Paula Abdul Speaks Up On Kylie Minogue’s Unpaid Dancers Controversy
By Anne Lu | May 2, 2014 12:57 AM EST
Paula Abdul has weighed in on Kylie Minogue’s unpaid dancer controversy. The “So You Think You Can Dance Australia” judge wants to educate people on the importance of recognising the efforts and sacrifices of dancers.
Minogue was recently involved in a controversy regarding the fee of the backup dancers who worked for her music video and her live performance at the Logie Awards.
It was reported that Warner Music advertised for professional dancers to perform for Minogue’s music video for free. Some dancers were paid $100, which is below the industry standard of $550.
The label also offered below par rate for the dancers who performed with Minogue at the Logies on Sunday.
Warner Music has since agreed to pay the correct minimum legal rate for the dancers following the controversy.

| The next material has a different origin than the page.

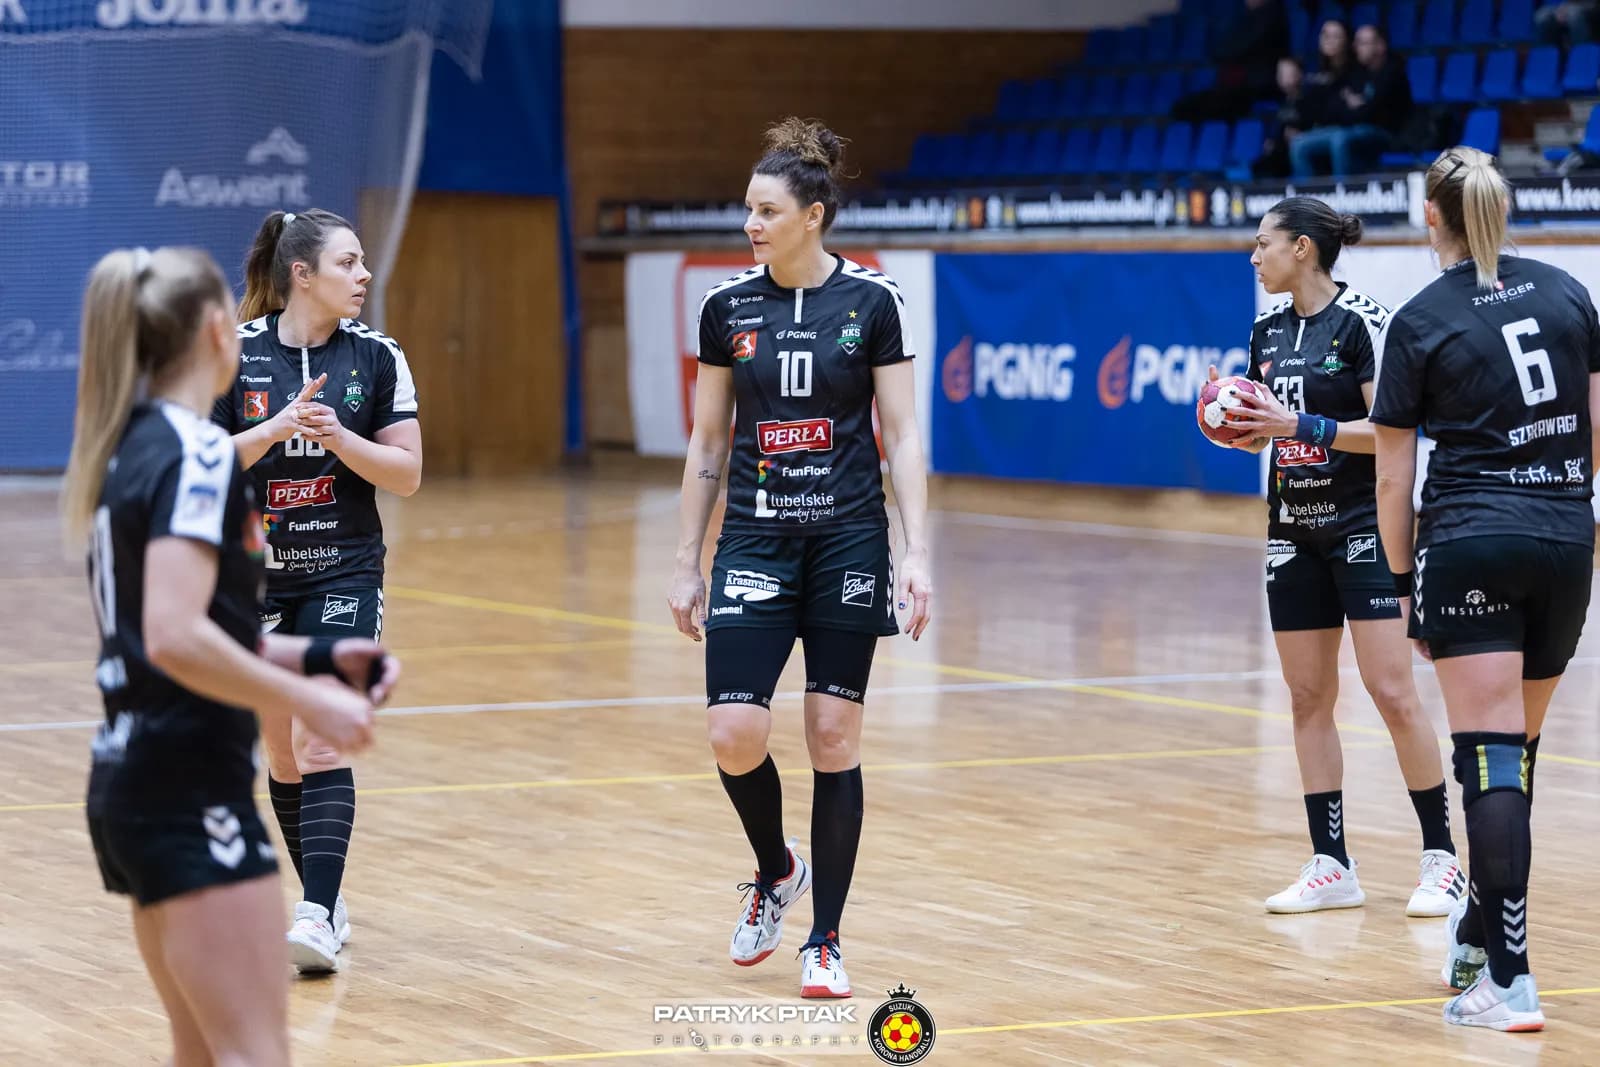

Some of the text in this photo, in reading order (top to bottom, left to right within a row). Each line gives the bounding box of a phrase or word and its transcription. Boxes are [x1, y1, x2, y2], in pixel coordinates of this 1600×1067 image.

Abdul has spoken up about the issue, saying that while Minogue “has a great rapport with dancers,” it’s important that the effort and the training of the dancers are acknowledged.
Abdul, 51, certainly knows what she’s talking about. She isn’t just a talent show judge, she’s also an accomplished performer. She’s a singer, chart-topper, Grammy winner, dancer, choreographer, and a former cheerleader for the Los Angeles Lakers.
She choreographed dance numbers for a number of artists, including The Jackson 5 and Janet Jackson. She also choreographed sequences in films, like Tom Hank’s famous giant keyboard scene in “Big.”
That’s why if anyone knows how hard a dancer’s life is, it’s Abdul.
“Anyone who has tuned in just a little bit to this show knows it’s a gem which sheds a beautiful light on dancers and what they go through and sacrifice,” she said.
“Some people aren’t educated on what it takes to be great at what they do and think dancers do it because it’s a hobby.”
Abdul joined fellow judges Shannon Holtzapffel, Jason Gilkison, and Aaron Cash in “So You Think You Can Judge Australia.” The finale aired Thursday, with Michael Dameski announced as the winner.